What you have to do
Could you please transcribe the data exactly, without the pictures?

Recorded data
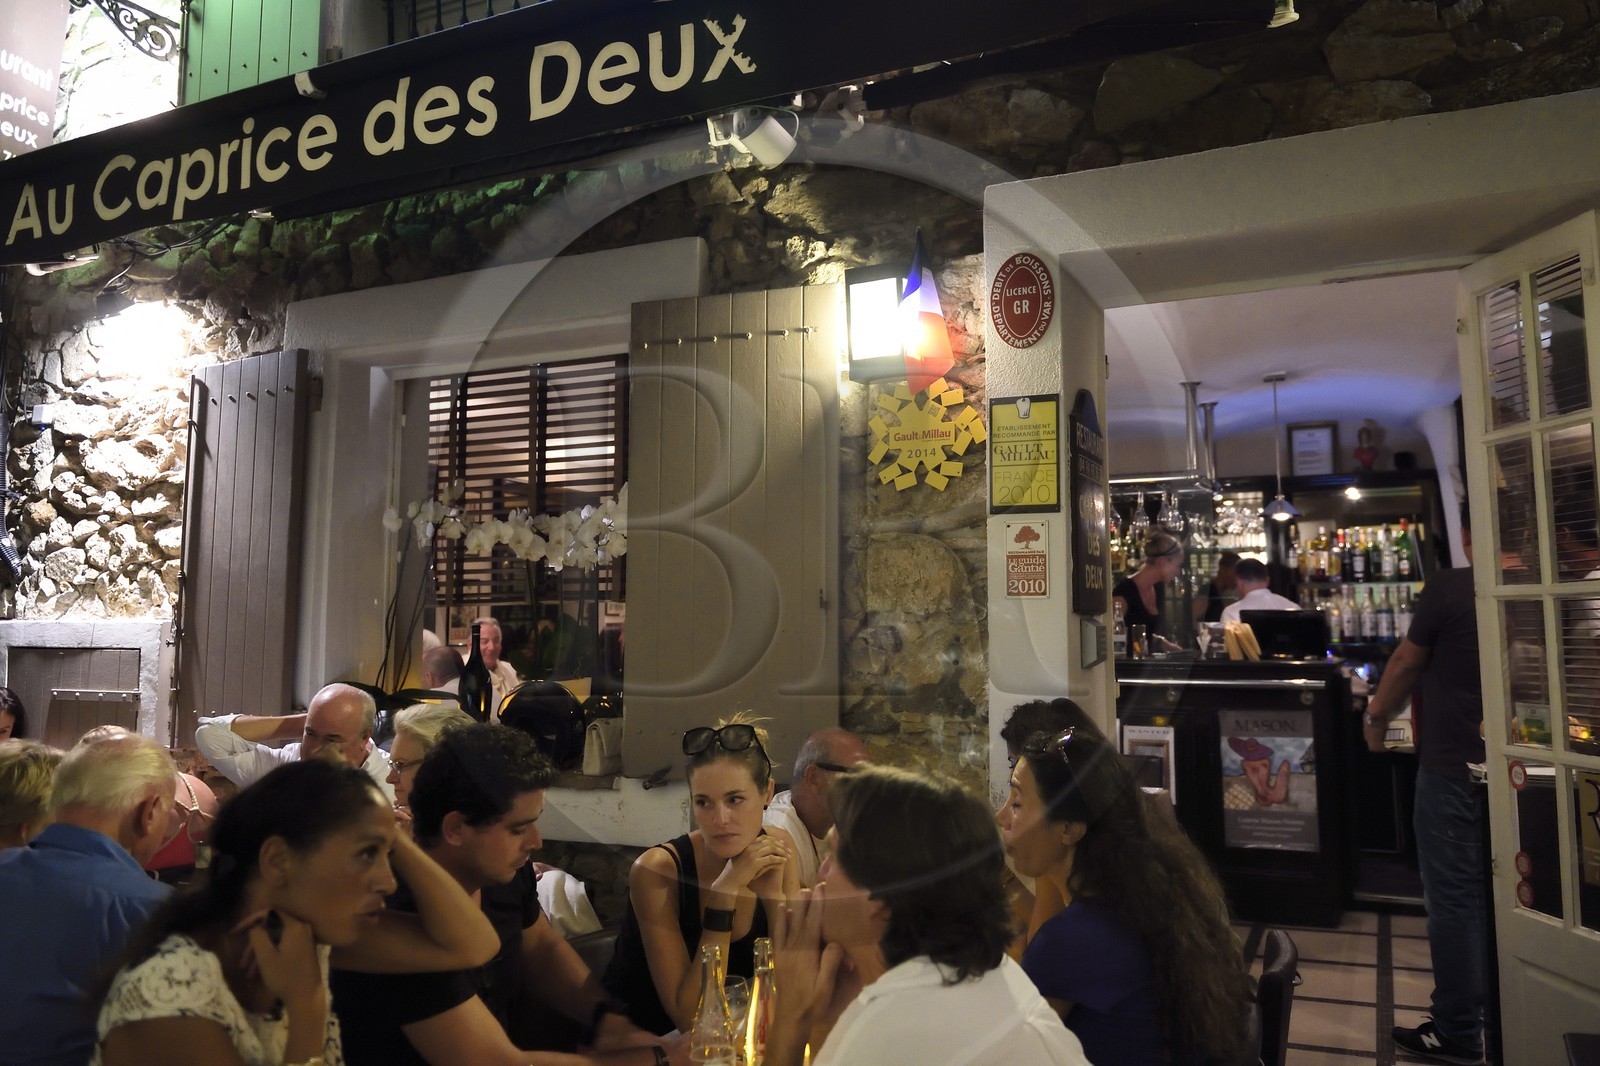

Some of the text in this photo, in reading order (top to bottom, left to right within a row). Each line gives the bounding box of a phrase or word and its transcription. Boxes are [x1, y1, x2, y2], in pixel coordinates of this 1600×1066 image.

[5, 13, 757, 245] Au Caprice des Deux
[992, 272, 1006, 300] DEBIT
[1015, 255, 1052, 295] BOISSONS
[1006, 286, 1037, 297] LICENCE
[1013, 300, 1030, 314] GR
[992, 306, 1041, 347] DEPARTEMENT
[1042, 301, 1052, 320] VAR
[907, 448, 936, 459] 2014
[993, 443, 1043, 455] GAULT
[1000, 450, 1055, 462] MILLAU
[994, 469, 1055, 483] FRANCE
[999, 484, 1051, 504] 2010
[1018, 555, 1045, 566] guide
[1085, 564, 1104, 591] DEUX
[1008, 579, 1045, 594] 2010
[1234, 719, 1297, 732] MASON
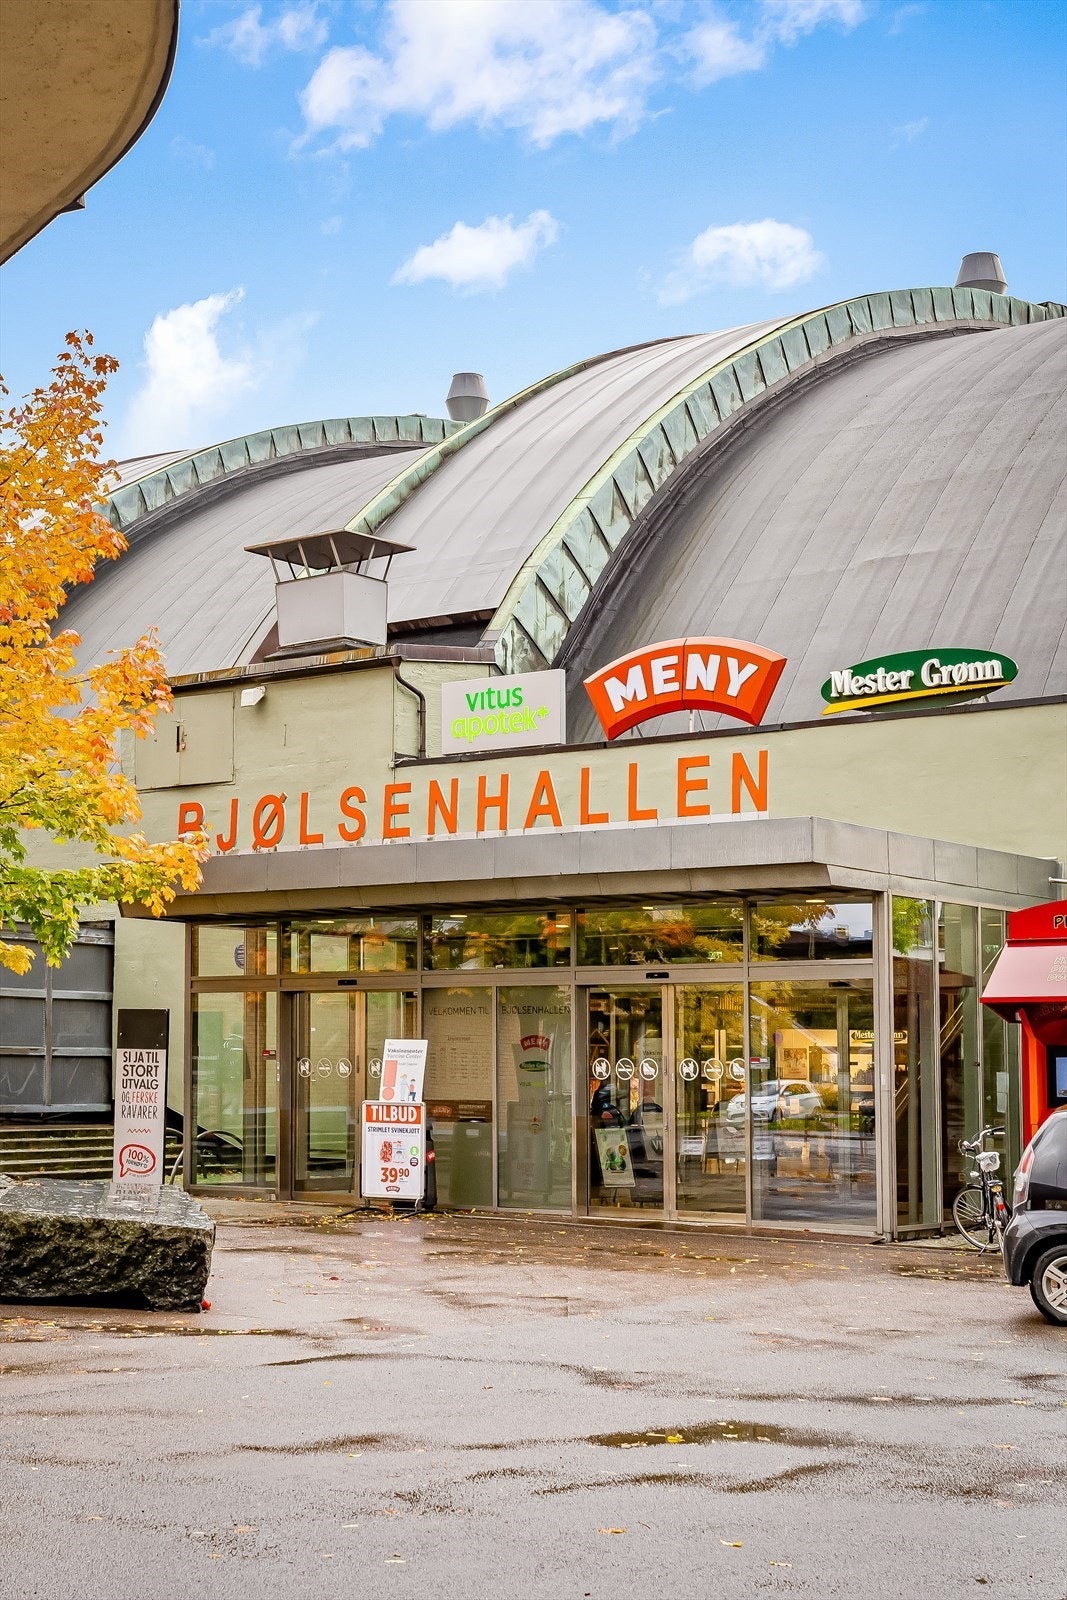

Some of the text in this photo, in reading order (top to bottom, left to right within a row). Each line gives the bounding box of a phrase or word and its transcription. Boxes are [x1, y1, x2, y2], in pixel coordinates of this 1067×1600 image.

[603, 653, 759, 713] MENY
[829, 658, 1004, 698] Mester Grønn
[465, 687, 524, 712] vitus
[178, 750, 769, 851] BJØLSENHALLEN
[428, 1005, 571, 1016] VELKOMMEN TIL BJØLSENHALLEN
[123, 1051, 159, 1063] SI JA TIL
[122, 1064, 159, 1077] STORT
[122, 1078, 159, 1090] UTVALG
[131, 1091, 158, 1103] FERSKE
[370, 1105, 418, 1122] TILBUD
[128, 1149, 149, 1164] 100%
[380, 1167, 410, 1183] 39 90
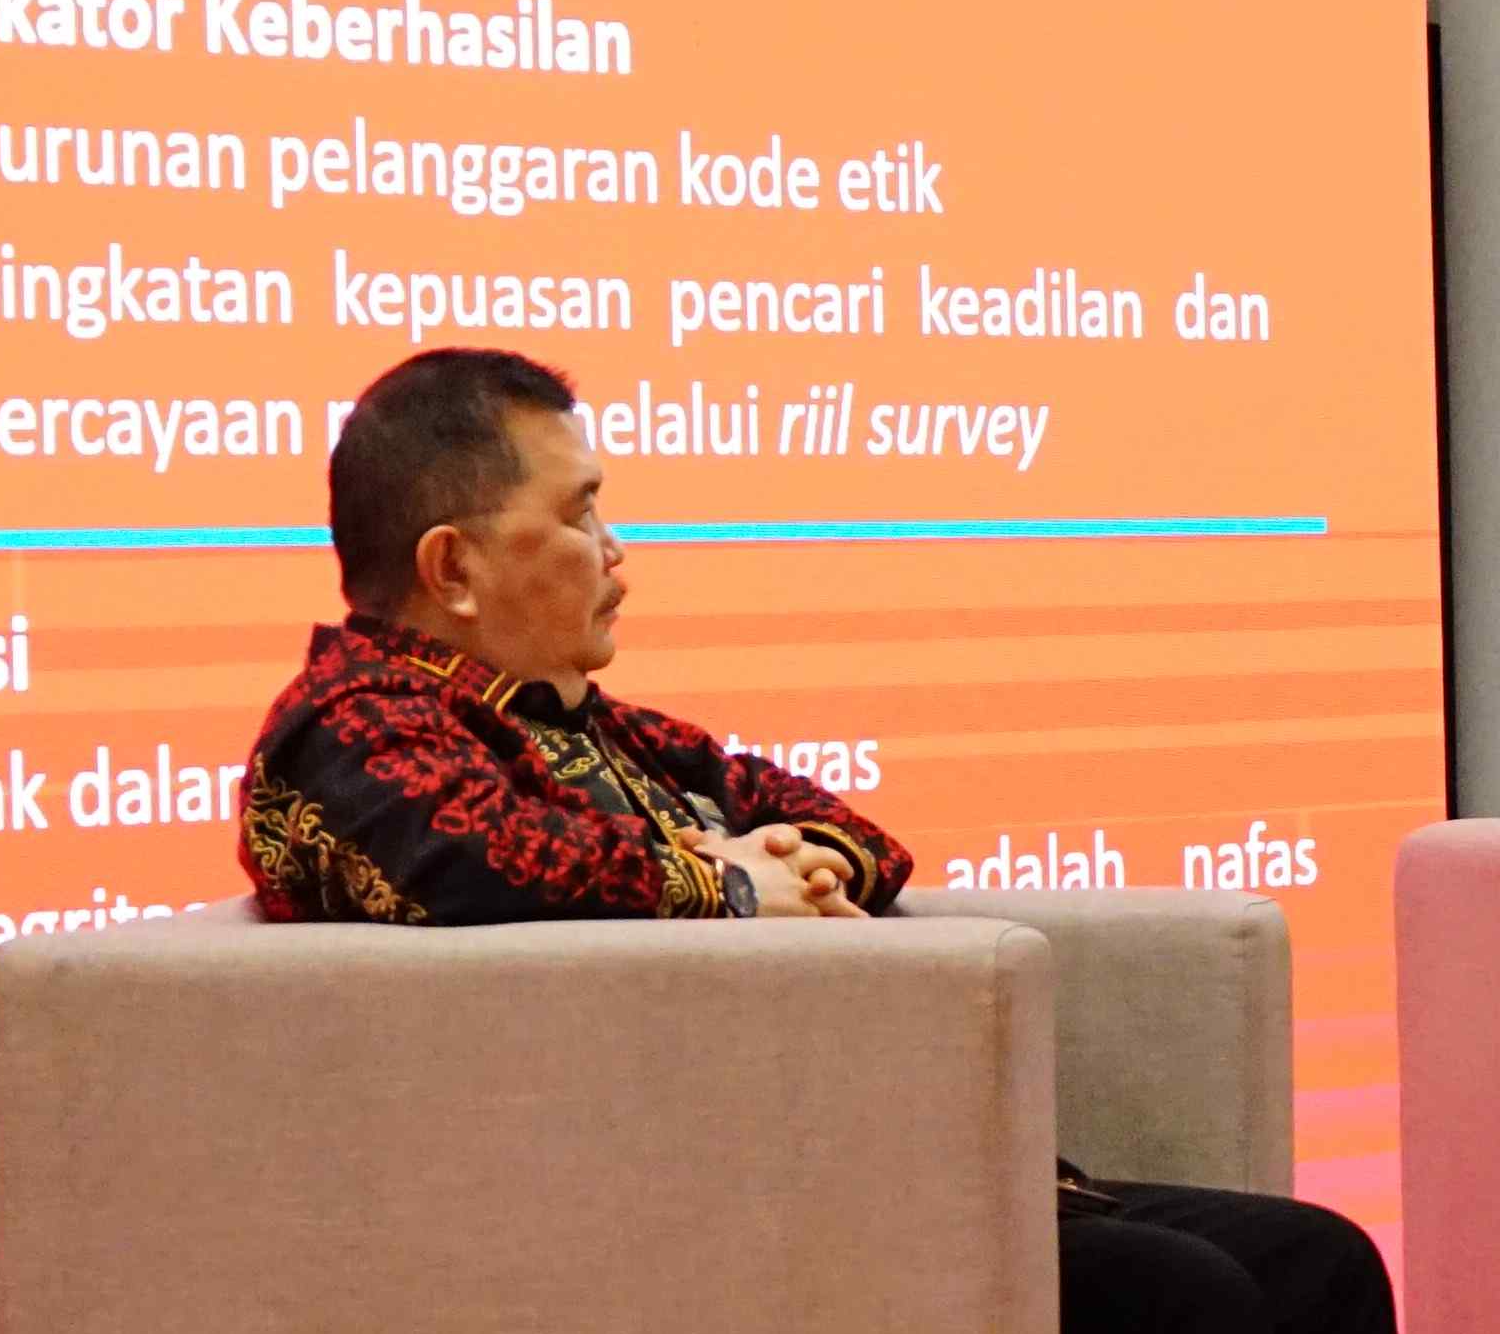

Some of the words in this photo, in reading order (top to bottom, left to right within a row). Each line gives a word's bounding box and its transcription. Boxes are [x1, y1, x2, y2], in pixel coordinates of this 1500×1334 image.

Exercise output
Some of the text in this photo, in reading order (top to bottom, left to right within a row). Each line gives the bounding box of a phrase or word and its transcription. Boxes are [x1, y1, x2, y2], in pixel coordinates of this 1600×1066 image.

[5, 13, 757, 245] Au Caprice des Deux
[992, 272, 1006, 300] DEBIT
[1015, 255, 1052, 295] BOISSONS
[1006, 286, 1037, 297] LICENCE
[1013, 300, 1030, 314] GR
[992, 306, 1041, 347] DEPARTEMENT
[1042, 301, 1052, 320] VAR
[907, 448, 936, 459] 2014
[993, 443, 1043, 455] GAULT
[1000, 450, 1055, 462] MILLAU
[994, 469, 1055, 483] FRANCE
[999, 484, 1051, 504] 2010
[1018, 555, 1045, 566] guide
[1085, 564, 1104, 591] DEUX
[1008, 579, 1045, 594] 2010
[1234, 719, 1297, 732] MASON

Some of the text in this photo, in reading order (top to bottom, left to right within a row). Each line gives the bounding box of a phrase or word and its transcription. Boxes are [x1, y1, x2, y2], in pixel coordinates of this 1067×1600 image.

[603, 653, 759, 713] MENY
[829, 658, 1004, 698] Mester Grønn
[465, 687, 524, 712] vitus
[178, 750, 769, 851] BJØLSENHALLEN
[428, 1005, 571, 1016] VELKOMMEN TIL BJØLSENHALLEN
[123, 1051, 159, 1063] SI JA TIL
[122, 1064, 159, 1077] STORT
[122, 1078, 159, 1090] UTVALG
[131, 1091, 158, 1103] FERSKE
[370, 1105, 418, 1122] TILBUD
[128, 1149, 149, 1164] 100%
[380, 1167, 410, 1183] 39 90

Some of the words in this photo, in reading order (top to bottom, left to right within a row). Each line gives a word's bounding box and its transcription. Boxes are [x1, y1, x2, y2], in pixel coordinates of this 1500×1334 image.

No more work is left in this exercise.